- [Work instructions]
What you output must match the entries exactly, apart from the pictures, which are left out.

- [Available data]
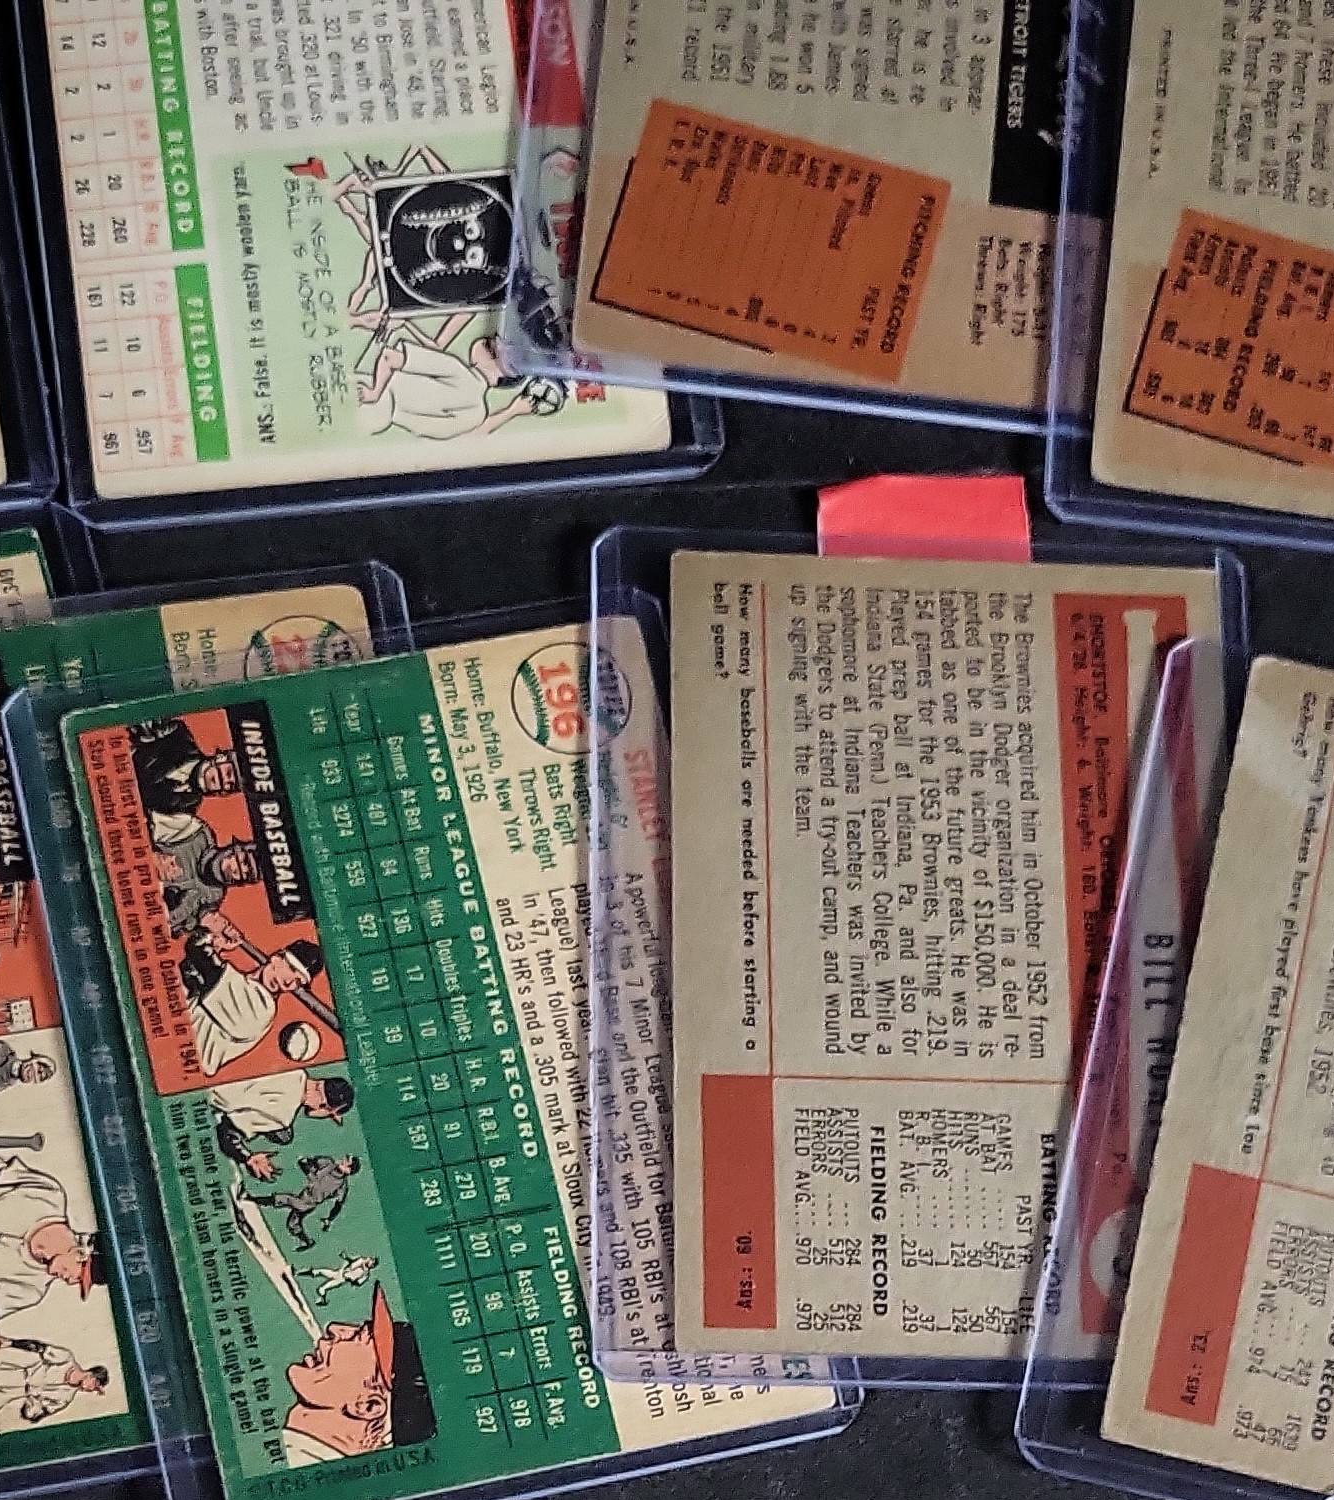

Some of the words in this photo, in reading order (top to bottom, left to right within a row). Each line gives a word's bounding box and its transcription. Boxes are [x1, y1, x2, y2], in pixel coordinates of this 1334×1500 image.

[167, 129, 195, 233] RECORD
[186, 295, 215, 425] FIELDING
[738, 584, 752, 620] How
[464, 657, 485, 707] Home:
[736, 627, 752, 678] many
[438, 661, 458, 704] Born:
[449, 708, 469, 739] May
[463, 764, 488, 802] 1926
[537, 661, 587, 739] 196
[739, 689, 758, 768] baseballs
[476, 711, 504, 774] Buffalo,
[241, 720, 267, 794] INSIDE
[262, 804, 302, 905] BASEBALL
[494, 778, 512, 812] New
[741, 779, 754, 807] are
[499, 818, 523, 854] York
[742, 819, 758, 880] needed
[419, 714, 452, 801] MINOR
[441, 814, 476, 912] LEAGUE
[472, 926, 507, 1034] BATTING
[499, 1049, 538, 1159] RECORD
[743, 890, 758, 945] before
[869, 1125, 887, 1221] FIELDING
[872, 1234, 888, 1316] RECORD

- [Output below]
Some of the words in this photo, in reading order (top to bottom, left to right within a row). Each line gives a word's bounding box and its transcription. Boxes are [x1, y1, x2, y2], in pixel coordinates of this 1334×1500 image.

[167, 129, 195, 233] RECORD
[186, 295, 215, 425] FIELDING
[738, 584, 752, 620] How
[464, 657, 485, 707] Home:
[736, 627, 752, 678] many
[438, 661, 458, 704] Born:
[449, 708, 469, 739] May
[463, 764, 488, 802] 1926
[537, 661, 587, 739] 196
[739, 689, 758, 768] baseballs
[476, 711, 504, 774] Buffalo,
[241, 720, 267, 794] INSIDE
[262, 804, 302, 905] BASEBALL
[494, 778, 512, 812] New
[741, 779, 754, 807] are
[499, 818, 523, 854] York
[742, 819, 758, 880] needed
[419, 714, 452, 801] MINOR
[441, 814, 476, 912] LEAGUE
[472, 926, 507, 1034] BATTING
[499, 1049, 538, 1159] RECORD
[743, 890, 758, 945] before
[869, 1125, 887, 1221] FIELDING
[872, 1234, 888, 1316] RECORD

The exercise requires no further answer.